## What you are asked to do
Repeat the records. Match each character exactly.

## Recorded information
● ● ●

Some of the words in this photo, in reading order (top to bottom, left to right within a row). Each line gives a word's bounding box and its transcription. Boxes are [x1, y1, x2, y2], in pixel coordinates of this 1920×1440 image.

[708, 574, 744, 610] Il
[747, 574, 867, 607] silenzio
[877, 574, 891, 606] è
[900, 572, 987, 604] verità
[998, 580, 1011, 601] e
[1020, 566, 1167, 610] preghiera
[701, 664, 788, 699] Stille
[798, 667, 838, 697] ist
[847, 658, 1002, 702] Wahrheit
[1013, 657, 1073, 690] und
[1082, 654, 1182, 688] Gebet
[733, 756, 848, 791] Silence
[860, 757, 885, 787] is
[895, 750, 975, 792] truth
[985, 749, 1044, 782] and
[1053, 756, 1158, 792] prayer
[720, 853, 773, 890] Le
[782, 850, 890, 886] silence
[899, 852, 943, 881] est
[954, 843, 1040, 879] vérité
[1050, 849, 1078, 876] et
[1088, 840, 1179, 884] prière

● ● ●

## Answer space
Some of the words in this photo, in reading order (top to bottom, left to right within a row). Each line gives a word's bounding box and its transcription. Boxes are [x1, y1, x2, y2], in pixel coordinates of this 1920×1440 image.

[708, 574, 744, 610] Il
[747, 574, 867, 607] silenzio
[877, 574, 891, 606] è
[900, 572, 987, 604] verità
[998, 580, 1011, 601] e
[1020, 566, 1167, 610] preghiera
[701, 664, 788, 699] Stille
[798, 667, 838, 697] ist
[847, 658, 1002, 702] Wahrheit
[1013, 657, 1073, 690] und
[1082, 654, 1182, 688] Gebet
[733, 756, 848, 791] Silence
[860, 757, 885, 787] is
[895, 750, 975, 792] truth
[985, 749, 1044, 782] and
[1053, 756, 1158, 792] prayer
[720, 853, 773, 890] Le
[782, 850, 890, 886] silence
[899, 852, 943, 881] est
[954, 843, 1040, 879] vérité
[1050, 849, 1078, 876] et
[1088, 840, 1179, 884] prière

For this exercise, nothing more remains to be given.